• [Action item]:
Your answer must be a word-for-word copy of the data.

[[ Data shown, beginning ]]

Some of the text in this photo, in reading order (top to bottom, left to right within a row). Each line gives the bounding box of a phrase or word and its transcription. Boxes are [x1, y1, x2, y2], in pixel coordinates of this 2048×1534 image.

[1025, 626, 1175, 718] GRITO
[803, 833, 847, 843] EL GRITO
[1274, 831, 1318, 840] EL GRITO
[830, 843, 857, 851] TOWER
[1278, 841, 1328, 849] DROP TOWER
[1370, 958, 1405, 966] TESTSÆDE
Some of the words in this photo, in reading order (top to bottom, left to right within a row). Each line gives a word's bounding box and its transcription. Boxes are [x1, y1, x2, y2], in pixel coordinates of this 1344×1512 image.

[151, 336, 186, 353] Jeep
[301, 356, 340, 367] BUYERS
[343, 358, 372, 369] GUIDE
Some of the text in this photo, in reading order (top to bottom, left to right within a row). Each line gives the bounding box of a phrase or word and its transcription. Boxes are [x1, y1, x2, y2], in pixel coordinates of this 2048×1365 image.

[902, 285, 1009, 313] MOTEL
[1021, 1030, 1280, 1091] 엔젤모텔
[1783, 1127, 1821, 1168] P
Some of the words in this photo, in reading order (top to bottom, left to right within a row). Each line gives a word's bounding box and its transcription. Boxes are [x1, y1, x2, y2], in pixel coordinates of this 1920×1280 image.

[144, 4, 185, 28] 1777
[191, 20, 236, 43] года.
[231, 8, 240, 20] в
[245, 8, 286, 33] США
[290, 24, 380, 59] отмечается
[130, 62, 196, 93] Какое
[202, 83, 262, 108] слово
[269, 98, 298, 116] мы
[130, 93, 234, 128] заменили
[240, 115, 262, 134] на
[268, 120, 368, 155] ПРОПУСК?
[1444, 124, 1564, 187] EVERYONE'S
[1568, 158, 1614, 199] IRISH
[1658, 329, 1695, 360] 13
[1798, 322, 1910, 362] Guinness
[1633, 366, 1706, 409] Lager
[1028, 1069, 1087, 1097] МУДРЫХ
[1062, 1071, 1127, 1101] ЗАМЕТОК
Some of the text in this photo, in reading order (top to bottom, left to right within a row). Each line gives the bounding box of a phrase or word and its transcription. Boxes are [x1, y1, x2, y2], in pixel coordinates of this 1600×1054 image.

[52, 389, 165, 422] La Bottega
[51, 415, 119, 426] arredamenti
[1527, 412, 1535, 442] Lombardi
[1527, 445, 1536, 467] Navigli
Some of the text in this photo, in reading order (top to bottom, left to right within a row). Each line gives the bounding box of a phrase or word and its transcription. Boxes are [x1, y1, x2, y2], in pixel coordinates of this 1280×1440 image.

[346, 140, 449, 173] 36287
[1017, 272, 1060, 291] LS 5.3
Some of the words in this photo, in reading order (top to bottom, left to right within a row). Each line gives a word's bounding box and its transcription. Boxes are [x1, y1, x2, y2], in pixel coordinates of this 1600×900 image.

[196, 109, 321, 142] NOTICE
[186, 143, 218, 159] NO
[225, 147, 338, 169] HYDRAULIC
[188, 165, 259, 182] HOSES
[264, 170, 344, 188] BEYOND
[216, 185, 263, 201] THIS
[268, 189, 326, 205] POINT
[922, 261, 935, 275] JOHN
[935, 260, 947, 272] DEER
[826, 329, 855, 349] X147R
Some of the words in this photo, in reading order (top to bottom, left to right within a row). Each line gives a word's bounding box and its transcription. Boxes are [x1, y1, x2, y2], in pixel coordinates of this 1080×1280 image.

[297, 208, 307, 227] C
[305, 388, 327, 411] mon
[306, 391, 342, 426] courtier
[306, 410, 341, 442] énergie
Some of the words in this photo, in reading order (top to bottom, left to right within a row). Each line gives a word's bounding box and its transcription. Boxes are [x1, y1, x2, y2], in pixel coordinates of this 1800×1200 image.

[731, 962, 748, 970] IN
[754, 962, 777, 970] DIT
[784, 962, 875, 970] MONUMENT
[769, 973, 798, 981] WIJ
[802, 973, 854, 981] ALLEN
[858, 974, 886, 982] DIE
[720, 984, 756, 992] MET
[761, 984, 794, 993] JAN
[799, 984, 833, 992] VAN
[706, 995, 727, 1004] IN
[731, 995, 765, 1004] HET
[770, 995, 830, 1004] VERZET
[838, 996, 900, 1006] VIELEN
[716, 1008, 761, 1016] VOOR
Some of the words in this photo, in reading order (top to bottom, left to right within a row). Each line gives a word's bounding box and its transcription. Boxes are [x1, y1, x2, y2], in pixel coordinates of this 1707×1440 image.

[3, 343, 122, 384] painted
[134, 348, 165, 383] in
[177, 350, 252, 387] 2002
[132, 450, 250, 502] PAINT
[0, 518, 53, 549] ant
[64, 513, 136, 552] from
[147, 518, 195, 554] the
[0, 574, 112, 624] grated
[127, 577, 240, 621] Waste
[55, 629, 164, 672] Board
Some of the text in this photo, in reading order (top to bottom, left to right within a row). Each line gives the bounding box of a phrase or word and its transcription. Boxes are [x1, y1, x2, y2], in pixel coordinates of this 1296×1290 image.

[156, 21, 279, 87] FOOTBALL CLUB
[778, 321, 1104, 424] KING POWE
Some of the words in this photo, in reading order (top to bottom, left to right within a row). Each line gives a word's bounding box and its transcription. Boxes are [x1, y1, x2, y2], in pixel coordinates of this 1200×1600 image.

[[ Data shown, end ]]

• [Exercise output]:
Some of the text in this photo, in reading order (top to bottom, left to right within a row). Each line gives the bounding box of a phrase or word and its transcription. Boxes are [x1, y1, x2, y2], in pixel coordinates of this 2048×1534 image.

[1025, 626, 1175, 718] GRITO
[803, 833, 847, 843] EL GRITO
[1274, 831, 1318, 840] EL GRITO
[830, 843, 857, 851] TOWER
[1278, 841, 1328, 849] DROP TOWER
[1370, 958, 1405, 966] TESTSÆDE
Some of the words in this photo, in reading order (top to bottom, left to right within a row). Each line gives a word's bounding box and its transcription. Boxes are [x1, y1, x2, y2], in pixel coordinates of this 1344×1512 image.

[151, 336, 186, 353] Jeep
[301, 356, 340, 367] BUYERS
[343, 358, 372, 369] GUIDE
Some of the text in this photo, in reading order (top to bottom, left to right within a row). Each line gives the bounding box of a phrase or word and its transcription. Boxes are [x1, y1, x2, y2], in pixel coordinates of this 2048×1365 image.

[902, 285, 1009, 313] MOTEL
[1021, 1030, 1280, 1091] 엔젤모텔
[1783, 1127, 1821, 1168] P
Some of the words in this photo, in reading order (top to bottom, left to right within a row). Each line gives a word's bounding box and its transcription. Boxes are [x1, y1, x2, y2], in pixel coordinates of this 1920×1280 image.

[144, 4, 185, 28] 1777
[191, 20, 236, 43] года.
[231, 8, 240, 20] в
[245, 8, 286, 33] США
[290, 24, 380, 59] отмечается
[130, 62, 196, 93] Какое
[202, 83, 262, 108] слово
[269, 98, 298, 116] мы
[130, 93, 234, 128] заменили
[240, 115, 262, 134] на
[268, 120, 368, 155] ПРОПУСК?
[1444, 124, 1564, 187] EVERYONE'S
[1568, 158, 1614, 199] IRISH
[1658, 329, 1695, 360] 13
[1798, 322, 1910, 362] Guinness
[1633, 366, 1706, 409] Lager
[1028, 1069, 1087, 1097] МУДРЫХ
[1062, 1071, 1127, 1101] ЗАМЕТОК
Some of the text in this photo, in reading order (top to bottom, left to right within a row). Each line gives the bounding box of a phrase or word and its transcription. Boxes are [x1, y1, x2, y2], in pixel coordinates of this 1600×1054 image.

[52, 389, 165, 422] La Bottega
[51, 415, 119, 426] arredamenti
[1527, 412, 1535, 442] Lombardi
[1527, 445, 1536, 467] Navigli
Some of the text in this photo, in reading order (top to bottom, left to right within a row). Each line gives the bounding box of a phrase or word and its transcription. Boxes are [x1, y1, x2, y2], in pixel coordinates of this 1280×1440 image.

[346, 140, 449, 173] 36287
[1017, 272, 1060, 291] LS 5.3
Some of the words in this photo, in reading order (top to bottom, left to right within a row). Each line gives a word's bounding box and its transcription. Boxes are [x1, y1, x2, y2], in pixel coordinates of this 1600×900 image.

[196, 109, 321, 142] NOTICE
[186, 143, 218, 159] NO
[225, 147, 338, 169] HYDRAULIC
[188, 165, 259, 182] HOSES
[264, 170, 344, 188] BEYOND
[216, 185, 263, 201] THIS
[268, 189, 326, 205] POINT
[922, 261, 935, 275] JOHN
[935, 260, 947, 272] DEER
[826, 329, 855, 349] X147R
Some of the words in this photo, in reading order (top to bottom, left to right within a row). Each line gives a word's bounding box and its transcription. Boxes are [x1, y1, x2, y2], in pixel coordinates of this 1080×1280 image.

[297, 208, 307, 227] C
[305, 388, 327, 411] mon
[306, 391, 342, 426] courtier
[306, 410, 341, 442] énergie
Some of the words in this photo, in reading order (top to bottom, left to right within a row). Each line gives a word's bounding box and its transcription. Boxes are [x1, y1, x2, y2], in pixel coordinates of this 1800×1200 image.

[731, 962, 748, 970] IN
[754, 962, 777, 970] DIT
[784, 962, 875, 970] MONUMENT
[769, 973, 798, 981] WIJ
[802, 973, 854, 981] ALLEN
[858, 974, 886, 982] DIE
[720, 984, 756, 992] MET
[761, 984, 794, 993] JAN
[799, 984, 833, 992] VAN
[706, 995, 727, 1004] IN
[731, 995, 765, 1004] HET
[770, 995, 830, 1004] VERZET
[838, 996, 900, 1006] VIELEN
[716, 1008, 761, 1016] VOOR
Some of the words in this photo, in reading order (top to bottom, left to right within a row). Each line gives a word's bounding box and its transcription. Boxes are [x1, y1, x2, y2], in pixel coordinates of this 1707×1440 image.

[3, 343, 122, 384] painted
[134, 348, 165, 383] in
[177, 350, 252, 387] 2002
[132, 450, 250, 502] PAINT
[0, 518, 53, 549] ant
[64, 513, 136, 552] from
[147, 518, 195, 554] the
[0, 574, 112, 624] grated
[127, 577, 240, 621] Waste
[55, 629, 164, 672] Board
Some of the text in this photo, in reading order (top to bottom, left to right within a row). Each line gives the bounding box of a phrase or word and its transcription. Boxes are [x1, y1, x2, y2], in pixel coordinates of this 1296×1290 image.

[156, 21, 279, 87] FOOTBALL CLUB
[778, 321, 1104, 424] KING POWE
Some of the words in this photo, in reading order (top to bottom, left to right within a row). Each line gives a word's bounding box and its transcription. Boxes are [x1, y1, x2, y2], in pixel coordinates of this 1200×1600 image.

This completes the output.